I completely agree with the main point of involving privacy people and making the debate more nuanced and breaking down the elements of privacy control and openness to find the best compromise.

What you are describing in the article is quite similar to the Latin American model of privacy protections, which is based on the concept of Habeas Data: the right to ask for a court to show the body (of data). This also forms the basis for Freedom of Information. So in some contexts it is even true from a legal perspective that privacy and openness are the same, as explained by David Banisar elsewhere.

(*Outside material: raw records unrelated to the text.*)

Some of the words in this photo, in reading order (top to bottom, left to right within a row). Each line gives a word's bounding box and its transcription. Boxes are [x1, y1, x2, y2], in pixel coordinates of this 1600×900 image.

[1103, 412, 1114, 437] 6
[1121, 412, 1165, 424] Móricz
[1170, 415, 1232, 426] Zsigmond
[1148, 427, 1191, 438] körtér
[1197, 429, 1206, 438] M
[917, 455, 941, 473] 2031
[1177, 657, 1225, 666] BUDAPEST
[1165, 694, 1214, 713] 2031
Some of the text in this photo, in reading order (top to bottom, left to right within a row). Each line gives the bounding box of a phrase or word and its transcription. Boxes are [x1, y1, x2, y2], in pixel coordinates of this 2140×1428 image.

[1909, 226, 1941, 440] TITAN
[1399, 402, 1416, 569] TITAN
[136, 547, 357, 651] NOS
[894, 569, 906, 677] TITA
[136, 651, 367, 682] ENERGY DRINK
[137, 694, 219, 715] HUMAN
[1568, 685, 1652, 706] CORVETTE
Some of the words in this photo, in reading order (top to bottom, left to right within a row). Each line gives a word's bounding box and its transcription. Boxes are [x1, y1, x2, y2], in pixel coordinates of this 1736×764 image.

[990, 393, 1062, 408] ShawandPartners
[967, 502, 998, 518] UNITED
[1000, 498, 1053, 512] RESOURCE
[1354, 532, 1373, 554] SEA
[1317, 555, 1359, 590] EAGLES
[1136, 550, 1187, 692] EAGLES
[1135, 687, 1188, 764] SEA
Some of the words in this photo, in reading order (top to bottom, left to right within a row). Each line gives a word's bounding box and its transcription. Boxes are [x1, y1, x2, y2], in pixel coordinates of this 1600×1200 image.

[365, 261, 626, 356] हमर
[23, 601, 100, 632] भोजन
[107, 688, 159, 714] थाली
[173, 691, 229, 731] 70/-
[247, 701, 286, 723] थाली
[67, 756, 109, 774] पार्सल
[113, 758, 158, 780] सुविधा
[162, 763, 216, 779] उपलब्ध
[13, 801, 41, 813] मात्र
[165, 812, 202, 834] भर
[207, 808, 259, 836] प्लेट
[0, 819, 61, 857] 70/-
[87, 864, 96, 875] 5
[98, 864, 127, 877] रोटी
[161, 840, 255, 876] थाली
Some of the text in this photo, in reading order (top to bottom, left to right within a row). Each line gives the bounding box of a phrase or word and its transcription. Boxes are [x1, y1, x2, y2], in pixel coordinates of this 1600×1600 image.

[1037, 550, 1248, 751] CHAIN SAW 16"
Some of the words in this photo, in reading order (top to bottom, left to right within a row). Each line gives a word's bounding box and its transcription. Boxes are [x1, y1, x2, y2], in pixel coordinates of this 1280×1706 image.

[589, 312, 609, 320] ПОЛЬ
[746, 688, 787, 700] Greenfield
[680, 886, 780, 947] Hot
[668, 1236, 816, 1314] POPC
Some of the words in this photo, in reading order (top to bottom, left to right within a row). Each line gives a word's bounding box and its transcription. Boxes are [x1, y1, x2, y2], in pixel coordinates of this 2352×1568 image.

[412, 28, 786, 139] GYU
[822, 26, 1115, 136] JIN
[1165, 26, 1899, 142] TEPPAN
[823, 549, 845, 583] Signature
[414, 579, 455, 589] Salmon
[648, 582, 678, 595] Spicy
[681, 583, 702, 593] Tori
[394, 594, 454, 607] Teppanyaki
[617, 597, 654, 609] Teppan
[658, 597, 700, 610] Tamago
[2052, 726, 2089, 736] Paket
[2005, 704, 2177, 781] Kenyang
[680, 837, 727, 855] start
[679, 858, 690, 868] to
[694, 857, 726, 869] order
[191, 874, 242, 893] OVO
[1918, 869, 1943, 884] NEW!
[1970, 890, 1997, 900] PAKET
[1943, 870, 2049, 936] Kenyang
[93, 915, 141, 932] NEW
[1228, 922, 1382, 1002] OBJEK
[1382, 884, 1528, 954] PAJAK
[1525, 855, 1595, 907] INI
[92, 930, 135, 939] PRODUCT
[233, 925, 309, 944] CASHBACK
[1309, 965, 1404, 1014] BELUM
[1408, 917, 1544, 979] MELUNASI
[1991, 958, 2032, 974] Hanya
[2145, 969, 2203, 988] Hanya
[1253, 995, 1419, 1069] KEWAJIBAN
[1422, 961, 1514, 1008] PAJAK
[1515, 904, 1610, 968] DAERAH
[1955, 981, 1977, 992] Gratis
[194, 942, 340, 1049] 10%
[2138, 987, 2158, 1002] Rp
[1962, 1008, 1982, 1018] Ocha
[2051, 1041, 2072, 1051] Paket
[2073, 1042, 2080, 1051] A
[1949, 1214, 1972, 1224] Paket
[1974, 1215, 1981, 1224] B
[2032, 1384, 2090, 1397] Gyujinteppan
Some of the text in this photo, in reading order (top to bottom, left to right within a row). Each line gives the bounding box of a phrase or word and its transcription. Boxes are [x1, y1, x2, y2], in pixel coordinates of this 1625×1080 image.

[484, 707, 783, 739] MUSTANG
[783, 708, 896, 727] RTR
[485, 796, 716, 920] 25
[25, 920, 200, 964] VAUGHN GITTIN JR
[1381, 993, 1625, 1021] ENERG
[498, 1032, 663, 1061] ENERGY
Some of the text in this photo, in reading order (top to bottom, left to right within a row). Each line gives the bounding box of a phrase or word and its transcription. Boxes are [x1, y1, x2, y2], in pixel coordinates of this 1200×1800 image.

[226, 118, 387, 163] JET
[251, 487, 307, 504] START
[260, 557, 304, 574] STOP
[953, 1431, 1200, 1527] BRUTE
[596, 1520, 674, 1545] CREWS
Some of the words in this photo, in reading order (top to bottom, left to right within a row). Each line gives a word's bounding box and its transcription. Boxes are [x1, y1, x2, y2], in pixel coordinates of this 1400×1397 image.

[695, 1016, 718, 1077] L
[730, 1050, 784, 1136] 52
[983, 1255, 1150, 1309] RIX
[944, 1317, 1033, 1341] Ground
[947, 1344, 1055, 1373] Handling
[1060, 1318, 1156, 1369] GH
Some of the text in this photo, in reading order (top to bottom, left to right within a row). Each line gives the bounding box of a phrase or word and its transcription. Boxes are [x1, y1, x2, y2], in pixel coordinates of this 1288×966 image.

It is also true that every privacy policy is a data release policy, if they actually worked as they should they would be telling you more about where your data goes than about what cannot be done with it.

I agree with looking ahead, but we also need to consider the existing practices and the impacts they have in different contexts. Sharing tax data leads to gender parity in wages in Scandinavia, but the US disclosure of all forms of public records is more problematic.

The report by the US FTC on Data Brokers - organisations like Acxiom hoovering up all sorts of available data to build unaccountable profiles of the whole population - shows exactly why open personal information can cause harms right now in many places (and why the US urgently needs more privacy protections). https://www.ftc.gov/system/files/documents/reports/data-brokers-call-transparency-accountability-report-federal-trade-commission-may-2014/140527databrokerreport.pdf <https://www.ftc.gov/system/files/documents/reports/data-brokers-call-transparency-accountability-report-federal-trade-commission-may-2014/140527databrokerreport.pdf>

A fundamental problem is that for all the theoretical benefits of opening data it is unclear that these end up reaching those whose data is shared. The UK sharing of pseudonymised health data with the insurance industry (society of actuaries) saw millions of people’s premiums go up. And it was not even about linking individuals, just class profiling.

Opening personal data of the powerful for accountability is a lot more developed; for example the UK ICO has guidance for the responses to FOI. But ultimately every release needs to be examined in its own terms.

My proposal in Ottawa was to first look at the objectives you want to achieve, then the privacy principles you want to maintain and what flexibility is there (you may not have that much room anyway), and then look at the open data principles and see if you can justify each of them individually or removing them can help to preserve privacy.

But ultimately some form of general opt out from big/open data where you don’t require individual level granularity may be unavoidable to give people assurance.